--- PROBLEM DESCRIPTION ---
Set down every entry exactly as given. Pictures are to be left out.

--- DATA TO PROCESS ---
----

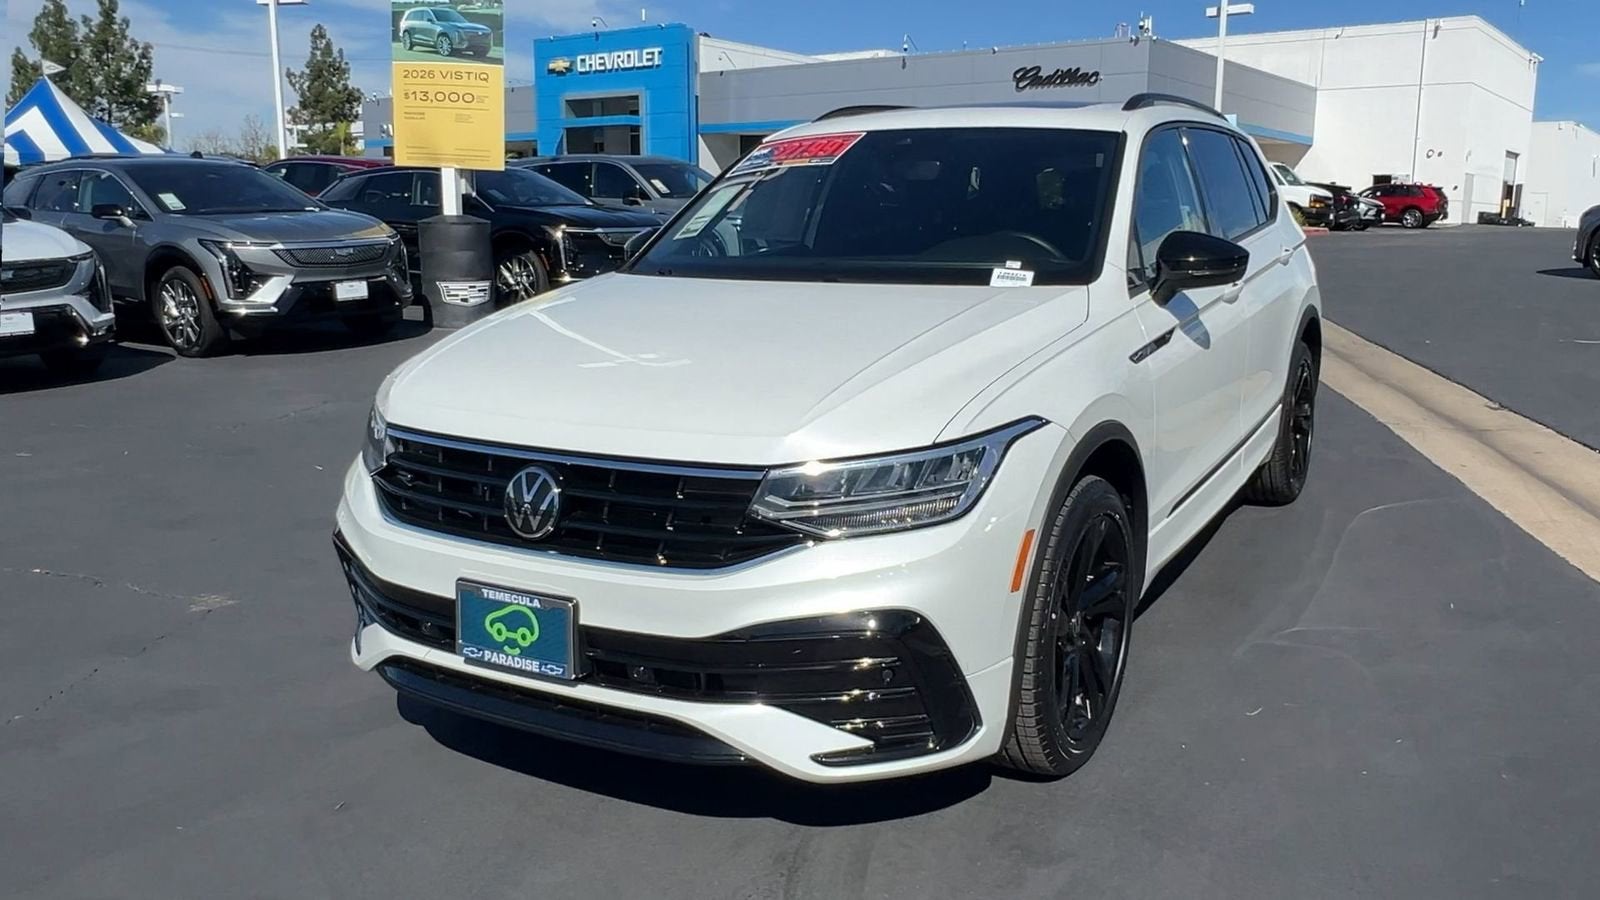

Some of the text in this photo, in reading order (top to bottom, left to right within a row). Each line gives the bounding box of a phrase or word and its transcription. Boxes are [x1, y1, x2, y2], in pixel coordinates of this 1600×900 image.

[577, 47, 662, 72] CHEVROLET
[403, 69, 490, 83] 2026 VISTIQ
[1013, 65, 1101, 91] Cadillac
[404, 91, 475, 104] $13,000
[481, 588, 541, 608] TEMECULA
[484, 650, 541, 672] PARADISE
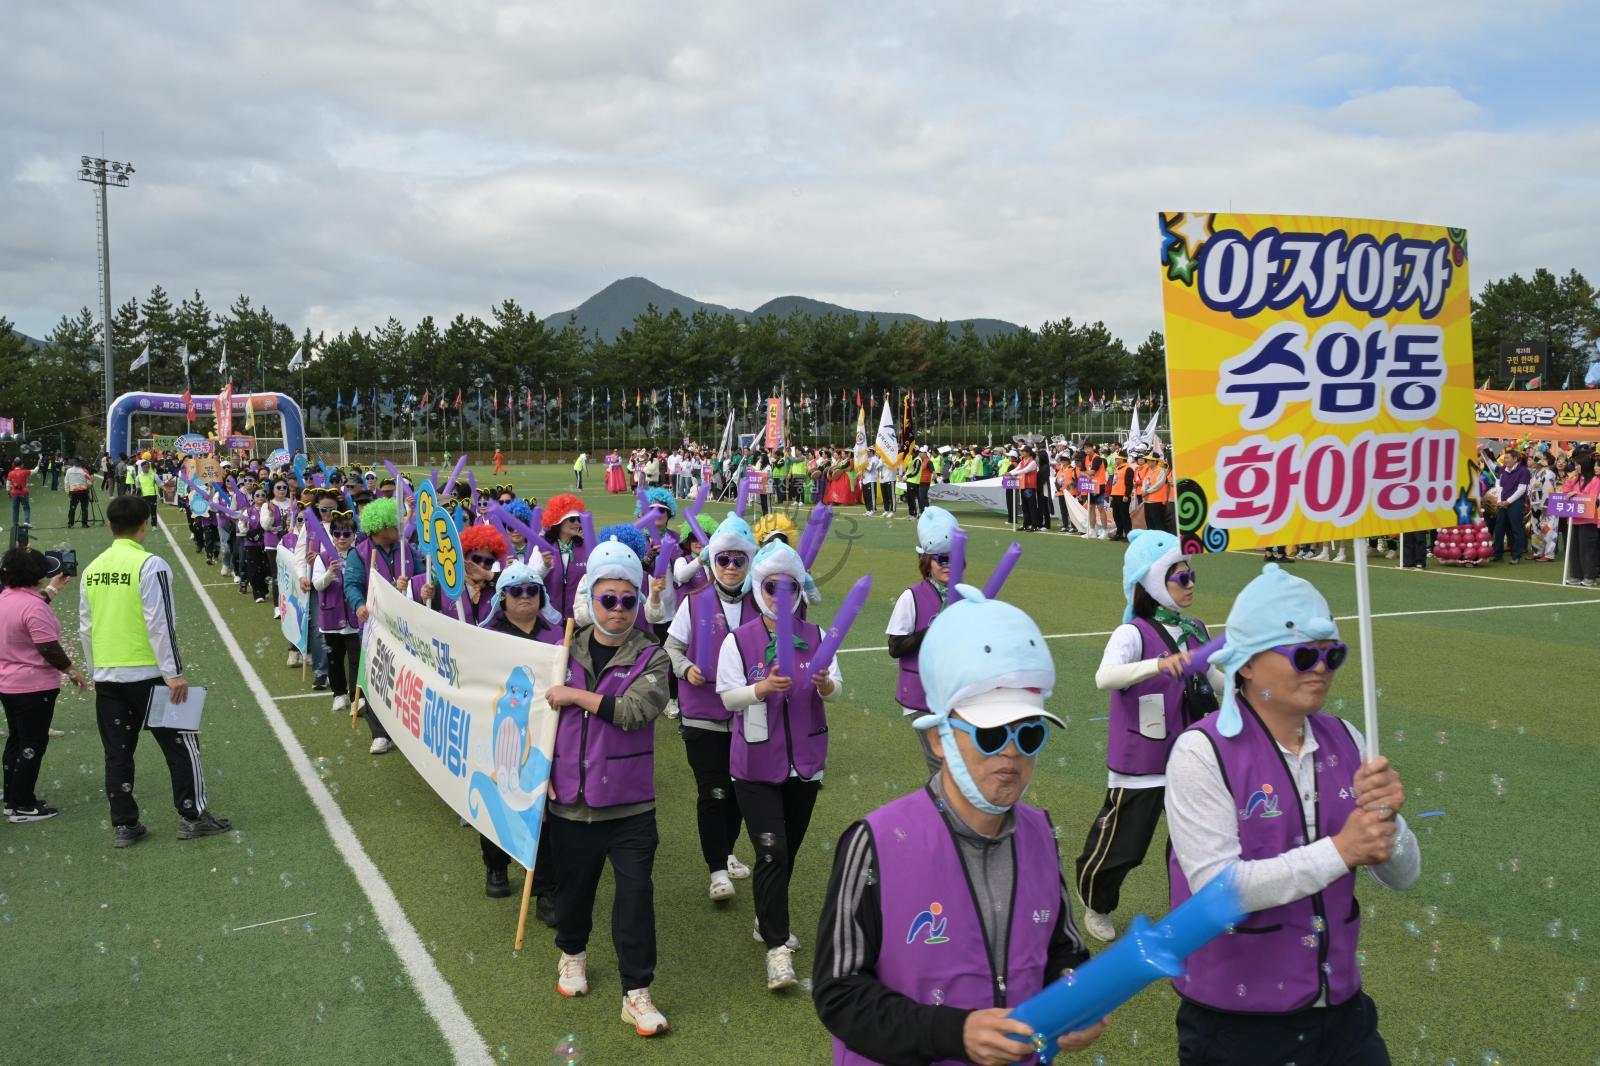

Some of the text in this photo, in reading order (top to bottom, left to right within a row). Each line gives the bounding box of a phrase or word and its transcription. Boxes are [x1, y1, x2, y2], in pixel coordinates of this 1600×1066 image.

----

--- EXERCISE OUTPUT ---
Some of the text in this photo, in reading order (top to bottom, left to right within a row). Each line gives the bounding box of a phrase or word and its transcription. Boxes are [x1, y1, x2, y2], in pixel coordinates of this 1600×900 image.

[577, 47, 662, 72] CHEVROLET
[403, 69, 490, 83] 2026 VISTIQ
[1013, 65, 1101, 91] Cadillac
[404, 91, 475, 104] $13,000
[481, 588, 541, 608] TEMECULA
[484, 650, 541, 672] PARADISE

Some of the text in this photo, in reading order (top to bottom, left to right within a row). Each line gives the bounding box of a phrase or word and its transcription. Boxes are [x1, y1, x2, y2], in pixel coordinates of this 1600×1066 image.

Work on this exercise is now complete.